Years later, Americans for Prosperity and Freedom Works — each formerly a half of Citizens for a Sound Economy — bankrolled the birth of the Tea Party movement.

They fund anti-gay and anti-choice politicians.

While Sanders has spent his career fighting discrimination, the Koch brothers have helped elect most of the prominent politicians who stand against gay rights and reproductive rights.

The brothers have been trying to soften their public image as extremist social conservatives, but the reality is that many of the politicians opposed to progress on social issues are flush with Koch money. The duo has spent more than $86 million helping elect officials who are anti-gay marriage and anti-choice. According to Think Progress, “of the 265 federal elected officials who have benefited from Koch spending since 2010, just nine have pro-choice voting records. At least 242 have endorsed controversial proposals to ban abortions after 20-weeks of pregnancy.”

They create huge amounts of pollution and disregard environmental regulations.

As Rolling Stone‘s Tim Dickinson explains:

According to the University of Massachusetts Amherst’s Political Economy Research Institute, only three companies rank among the top 30 polluters of America’s air, water and climate: ExxonMobil, American Electric Power and Koch Industries…

The company ranks 13th in the nation for toxic air pollution. Koch’s climate pollution, meanwhile, outpaces oil giants including Valero, Chevron and Shell. Across its businesses, Koch generates 24 million metric tons of greenhouse gases a year.

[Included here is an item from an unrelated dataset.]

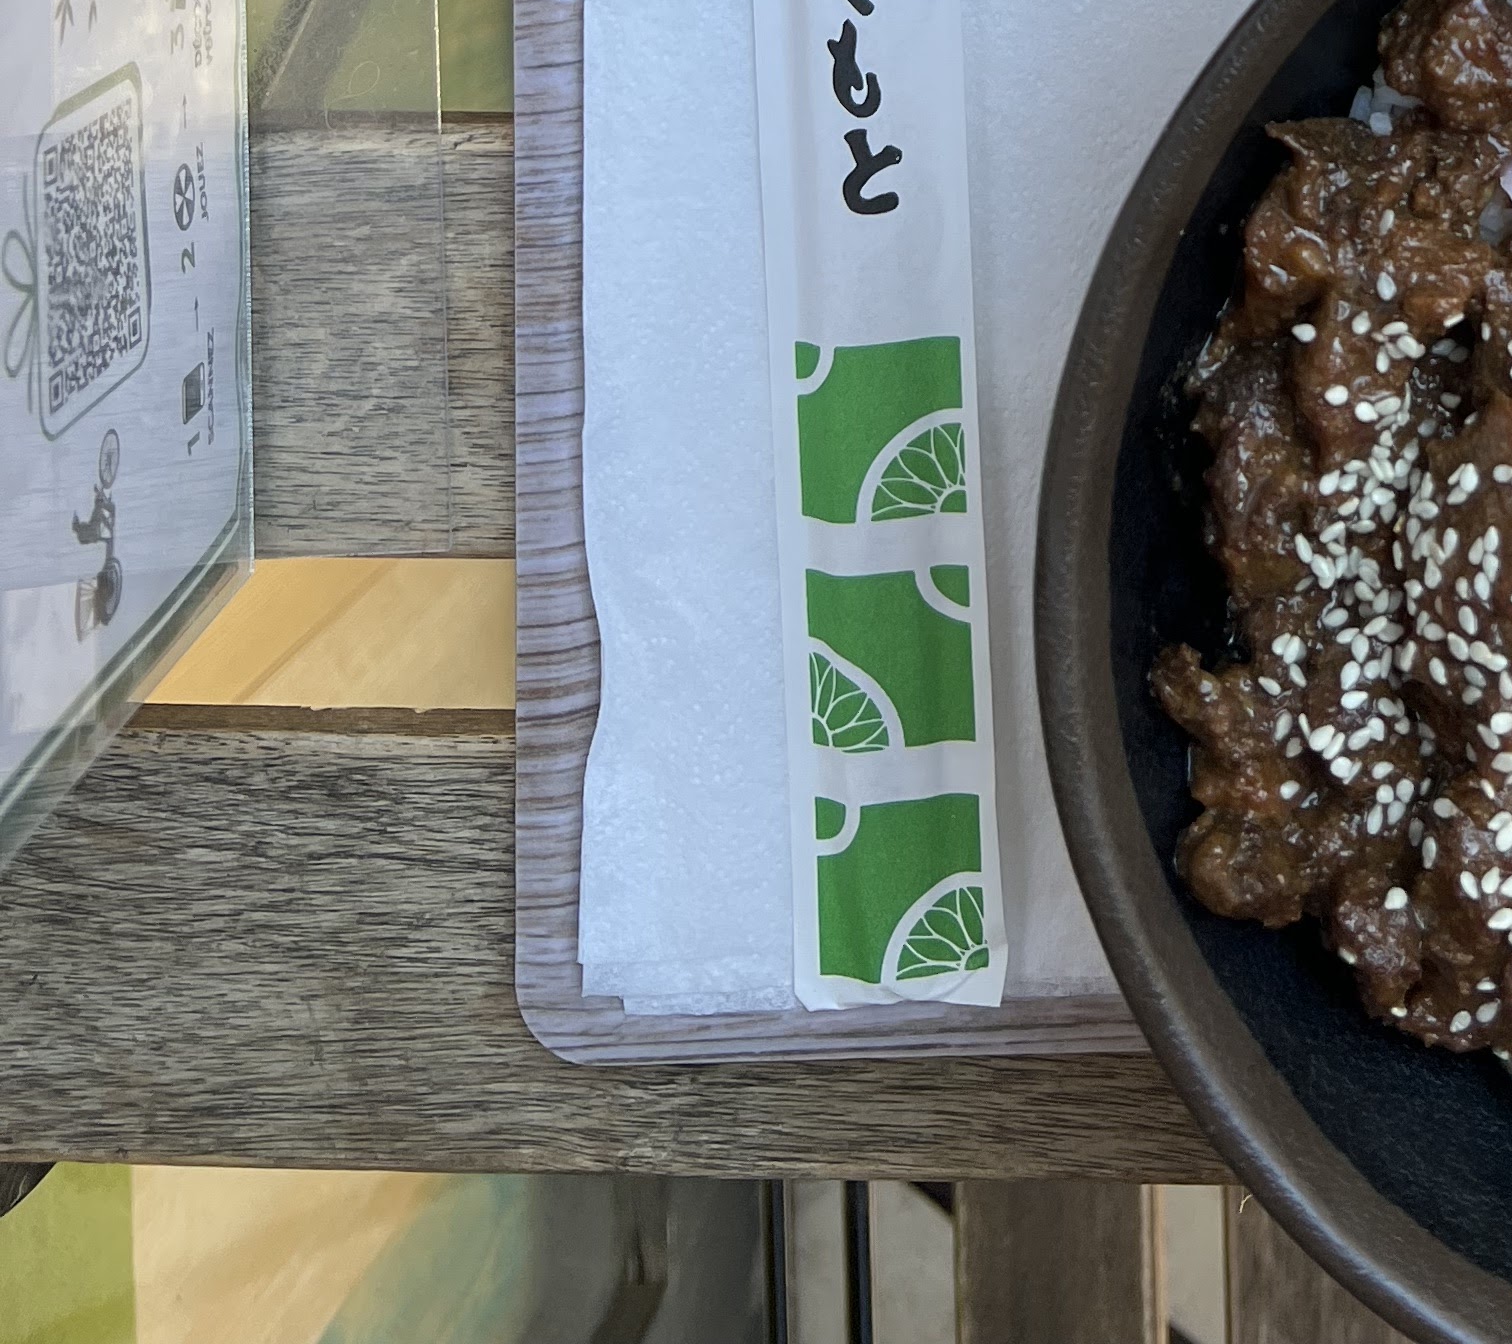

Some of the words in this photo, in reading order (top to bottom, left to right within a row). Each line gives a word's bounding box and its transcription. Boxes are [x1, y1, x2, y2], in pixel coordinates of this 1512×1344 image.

Koch Industries is known for systematically violating environmental laws. In 1996, two teenagers burned to death after a rusty Koch pipeline leaked flammable butane near their Texas neighborhood and ignited a gas cloud in their truck. The National Transportation Safety Board determined that “the probable cause of this accident was the failure of Koch to adequately protect its pipeline from corrosion.”

In 1999, a Koch subsidiary pleaded guilty to allowing aviation fuel to leak into the Mississippi River from its refinery in Minnesota, as well as dumping a million gallons of high-ammonia wastewater onto the ground and into the Mississippi.

In 2000, Koch Industries was fined $30 million for 300 oil spills that caused three million gallons of crude oil to leak into natural water sources.

In October 2013, Koch Industries’ pipeline company spilled 17,000 gallons of crude oil near Austin Texas.

And the Kochs are now major players in the fracking boom that Bernie Sanders said he would ban.